→ TASK ITEM: Pictures in the data must not be copied, but everything else should be output exactly.

→ INPUT RECORDS:
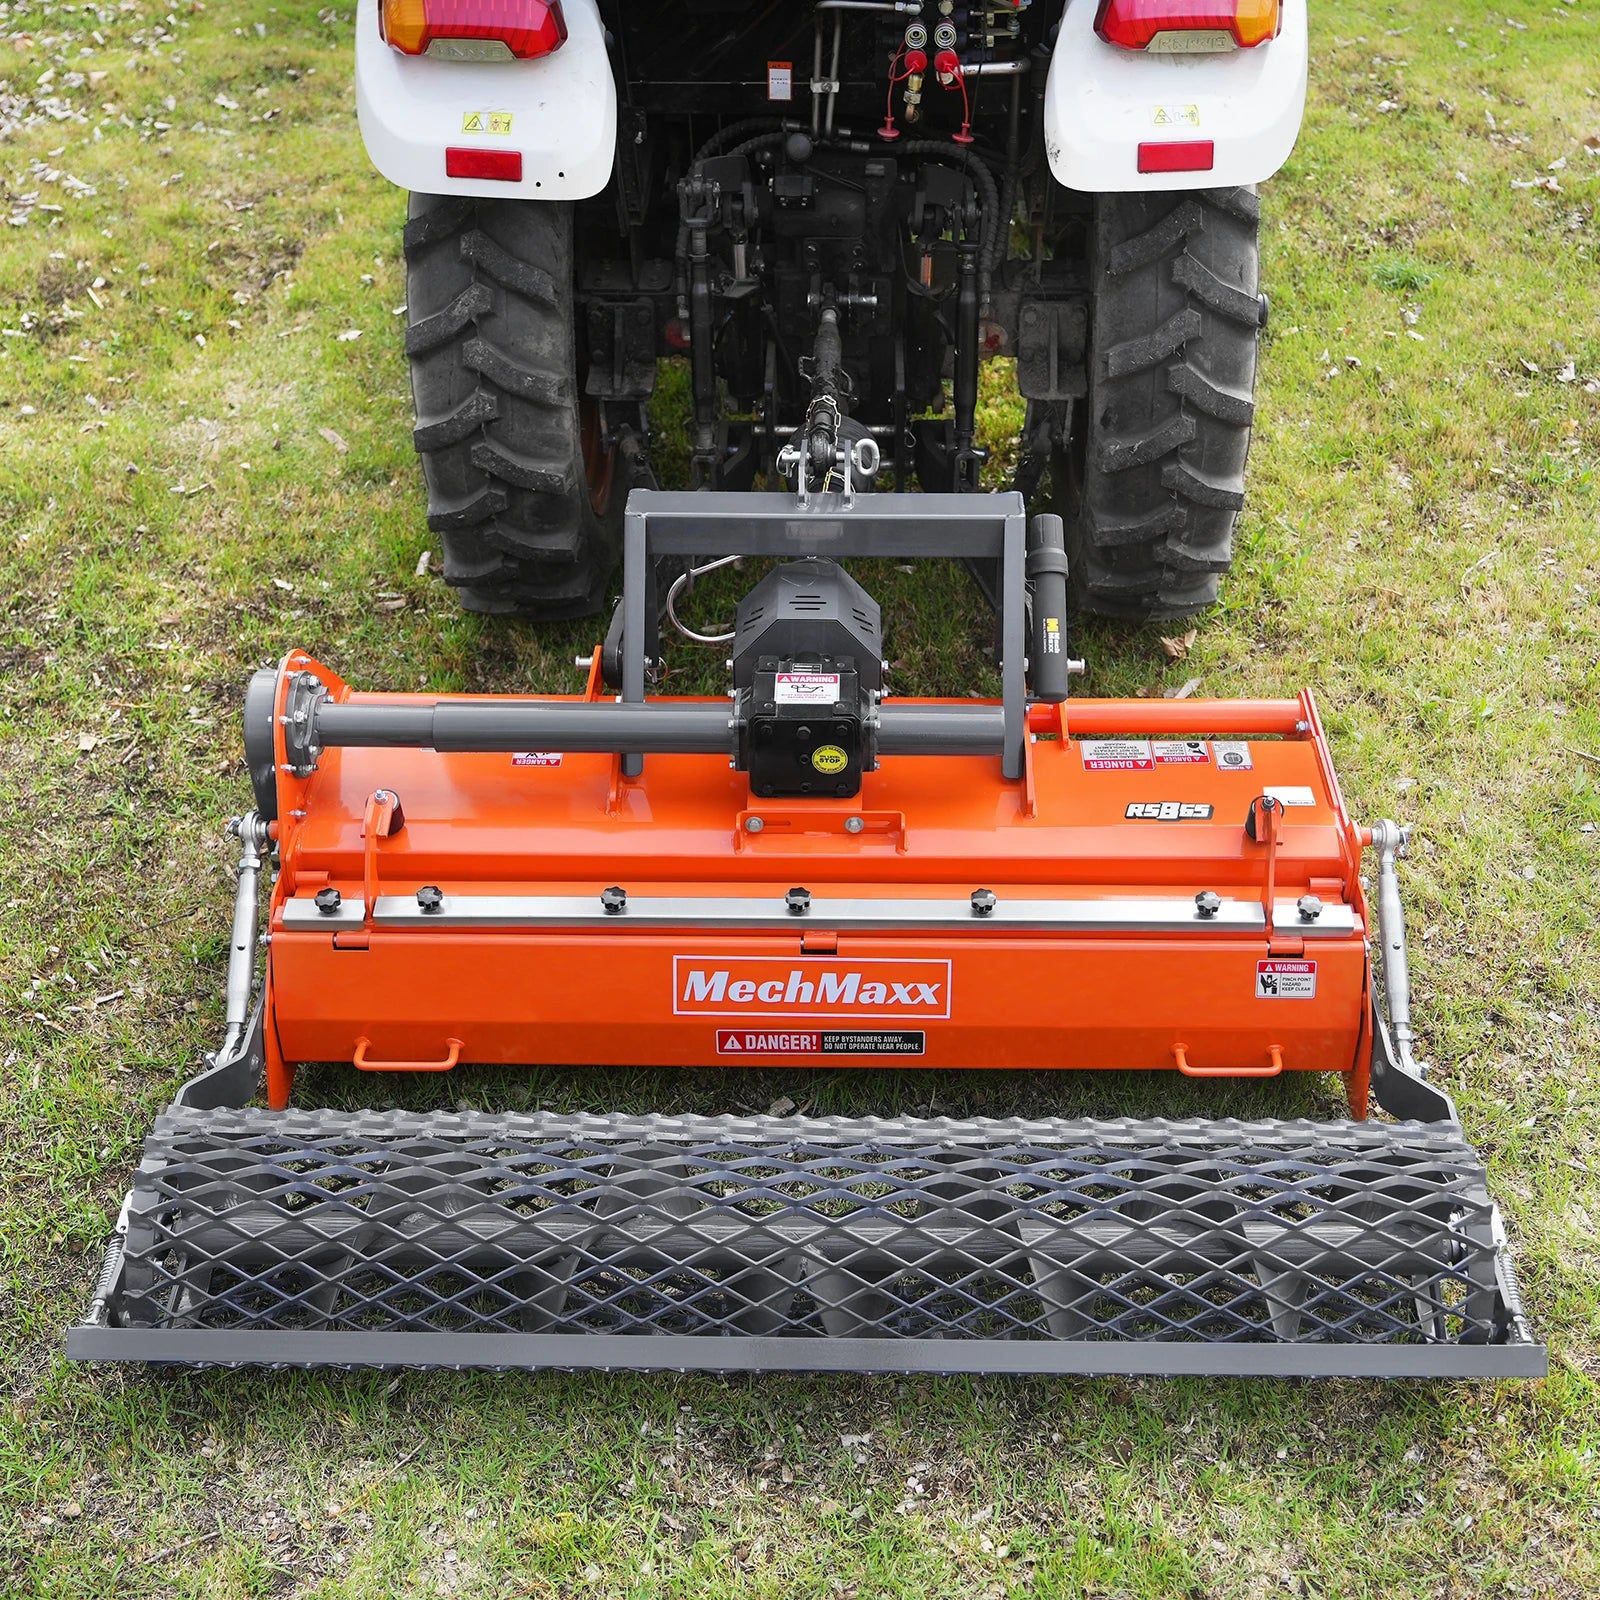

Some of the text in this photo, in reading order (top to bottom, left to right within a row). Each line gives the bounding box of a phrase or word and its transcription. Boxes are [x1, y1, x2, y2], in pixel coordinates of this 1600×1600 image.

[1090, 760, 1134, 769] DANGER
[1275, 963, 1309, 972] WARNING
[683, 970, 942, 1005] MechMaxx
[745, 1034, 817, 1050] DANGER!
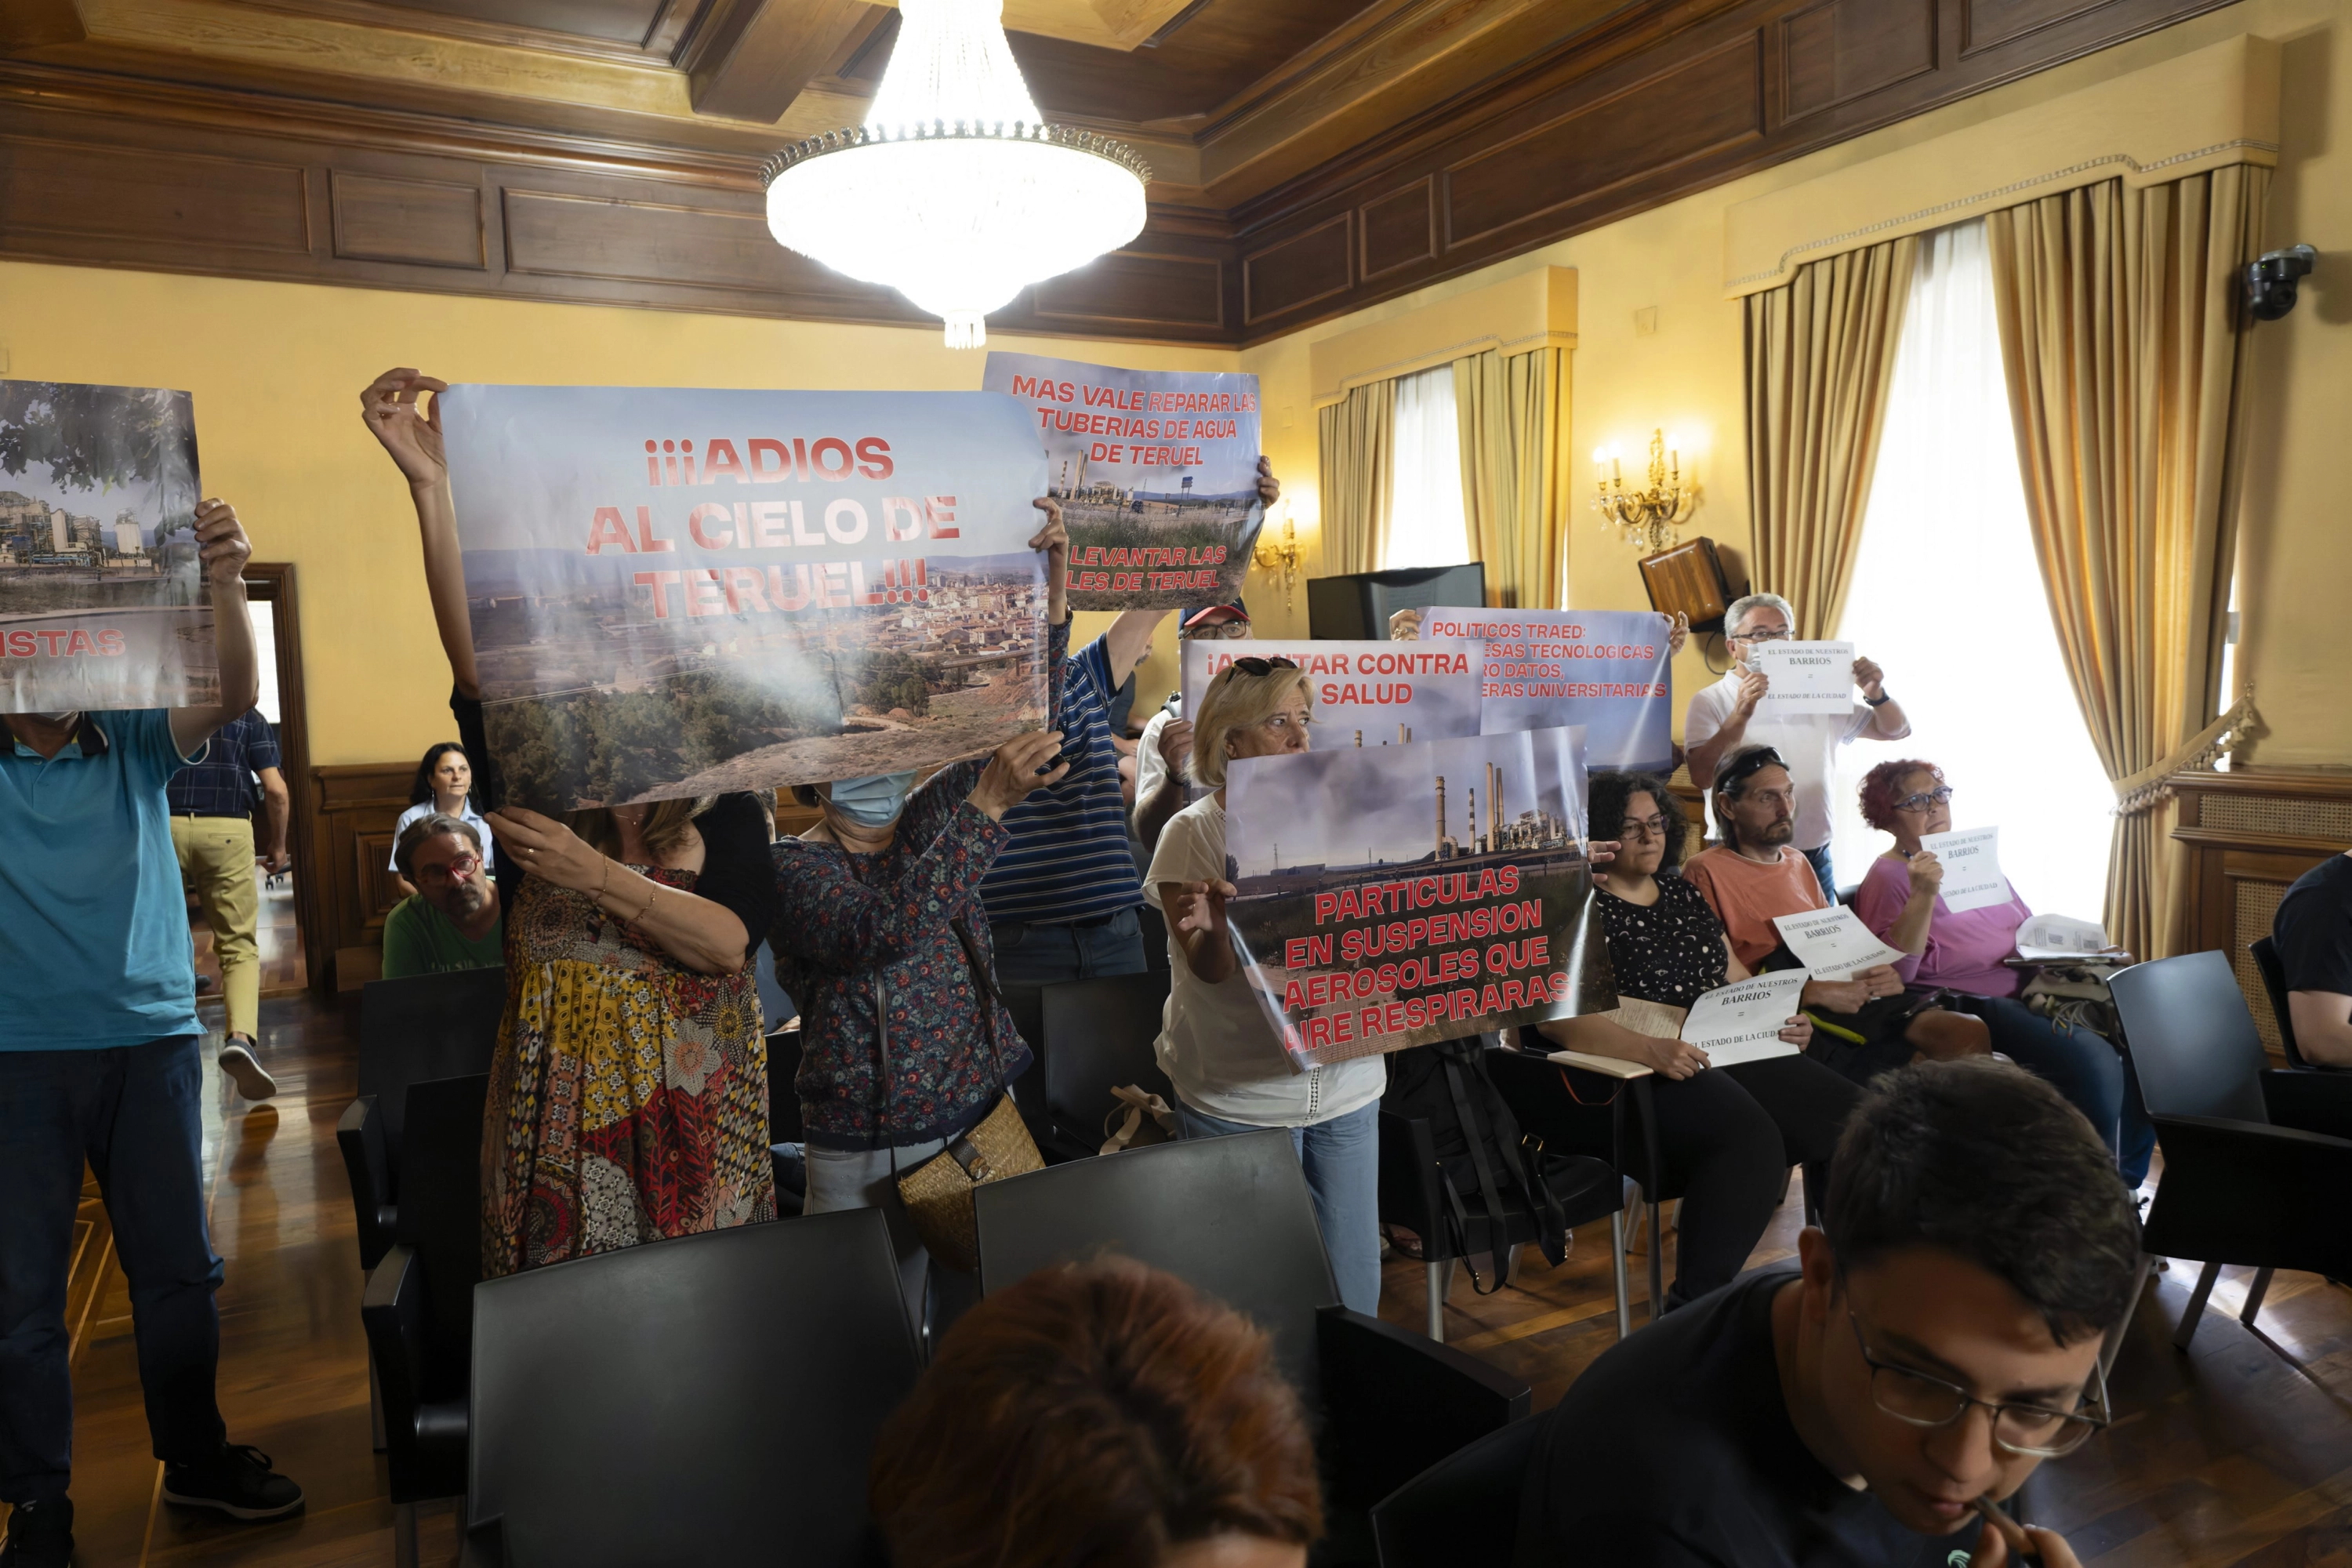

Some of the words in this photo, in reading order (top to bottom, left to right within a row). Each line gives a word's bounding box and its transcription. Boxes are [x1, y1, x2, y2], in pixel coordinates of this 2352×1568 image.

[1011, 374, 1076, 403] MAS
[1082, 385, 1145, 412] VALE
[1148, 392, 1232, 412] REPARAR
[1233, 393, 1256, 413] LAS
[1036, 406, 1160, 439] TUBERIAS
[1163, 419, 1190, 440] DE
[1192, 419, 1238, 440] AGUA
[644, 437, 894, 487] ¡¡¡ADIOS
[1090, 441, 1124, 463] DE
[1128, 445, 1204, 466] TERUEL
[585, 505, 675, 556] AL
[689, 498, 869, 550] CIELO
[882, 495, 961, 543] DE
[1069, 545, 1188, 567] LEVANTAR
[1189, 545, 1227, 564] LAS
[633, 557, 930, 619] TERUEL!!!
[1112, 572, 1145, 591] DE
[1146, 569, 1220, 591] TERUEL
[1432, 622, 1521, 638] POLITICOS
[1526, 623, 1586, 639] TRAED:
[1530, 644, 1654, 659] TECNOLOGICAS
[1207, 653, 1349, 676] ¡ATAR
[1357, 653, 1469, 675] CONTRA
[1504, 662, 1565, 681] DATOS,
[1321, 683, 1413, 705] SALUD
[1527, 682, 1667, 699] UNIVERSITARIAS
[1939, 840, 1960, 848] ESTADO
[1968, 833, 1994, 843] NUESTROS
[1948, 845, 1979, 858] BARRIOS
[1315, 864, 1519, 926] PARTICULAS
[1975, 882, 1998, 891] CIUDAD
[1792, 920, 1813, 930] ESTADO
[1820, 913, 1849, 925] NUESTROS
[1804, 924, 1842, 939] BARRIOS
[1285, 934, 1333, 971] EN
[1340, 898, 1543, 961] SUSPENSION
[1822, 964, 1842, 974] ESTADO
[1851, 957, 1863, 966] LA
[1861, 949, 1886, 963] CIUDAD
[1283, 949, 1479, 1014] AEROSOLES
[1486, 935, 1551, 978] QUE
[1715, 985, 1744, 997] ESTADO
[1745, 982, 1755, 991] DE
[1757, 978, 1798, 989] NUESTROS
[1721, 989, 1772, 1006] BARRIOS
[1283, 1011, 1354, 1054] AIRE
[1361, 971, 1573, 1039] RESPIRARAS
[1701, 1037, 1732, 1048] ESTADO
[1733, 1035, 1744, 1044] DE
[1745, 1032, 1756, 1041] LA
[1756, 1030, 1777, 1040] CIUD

→ SOLUTION TO THIS EXERCISE:
Some of the text in this photo, in reading order (top to bottom, left to right within a row). Each line gives the bounding box of a phrase or word and its transcription. Boxes are [x1, y1, x2, y2], in pixel coordinates of this 1600×1600 image.

[1090, 760, 1134, 769] DANGER
[1275, 963, 1309, 972] WARNING
[683, 970, 942, 1005] MechMaxx
[745, 1034, 817, 1050] DANGER!

Some of the words in this photo, in reading order (top to bottom, left to right within a row). Each line gives a word's bounding box and its transcription. Boxes are [x1, y1, x2, y2], in pixel coordinates of this 2352×1568 image.

[1011, 374, 1076, 403] MAS
[1082, 385, 1145, 412] VALE
[1148, 392, 1232, 412] REPARAR
[1233, 393, 1256, 413] LAS
[1036, 406, 1160, 439] TUBERIAS
[1163, 419, 1190, 440] DE
[1192, 419, 1238, 440] AGUA
[644, 437, 894, 487] ¡¡¡ADIOS
[1090, 441, 1124, 463] DE
[1128, 445, 1204, 466] TERUEL
[585, 505, 675, 556] AL
[689, 498, 869, 550] CIELO
[882, 495, 961, 543] DE
[1069, 545, 1188, 567] LEVANTAR
[1189, 545, 1227, 564] LAS
[633, 557, 930, 619] TERUEL!!!
[1112, 572, 1145, 591] DE
[1146, 569, 1220, 591] TERUEL
[1432, 622, 1521, 638] POLITICOS
[1526, 623, 1586, 639] TRAED:
[1530, 644, 1654, 659] TECNOLOGICAS
[1207, 653, 1349, 676] ¡ATAR
[1357, 653, 1469, 675] CONTRA
[1504, 662, 1565, 681] DATOS,
[1321, 683, 1413, 705] SALUD
[1527, 682, 1667, 699] UNIVERSITARIAS
[1939, 840, 1960, 848] ESTADO
[1968, 833, 1994, 843] NUESTROS
[1948, 845, 1979, 858] BARRIOS
[1315, 864, 1519, 926] PARTICULAS
[1975, 882, 1998, 891] CIUDAD
[1792, 920, 1813, 930] ESTADO
[1820, 913, 1849, 925] NUESTROS
[1804, 924, 1842, 939] BARRIOS
[1285, 934, 1333, 971] EN
[1340, 898, 1543, 961] SUSPENSION
[1822, 964, 1842, 974] ESTADO
[1851, 957, 1863, 966] LA
[1861, 949, 1886, 963] CIUDAD
[1283, 949, 1479, 1014] AEROSOLES
[1486, 935, 1551, 978] QUE
[1715, 985, 1744, 997] ESTADO
[1745, 982, 1755, 991] DE
[1757, 978, 1798, 989] NUESTROS
[1721, 989, 1772, 1006] BARRIOS
[1283, 1011, 1354, 1054] AIRE
[1361, 971, 1573, 1039] RESPIRARAS
[1701, 1037, 1732, 1048] ESTADO
[1733, 1035, 1744, 1044] DE
[1745, 1032, 1756, 1041] LA
[1756, 1030, 1777, 1040] CIUD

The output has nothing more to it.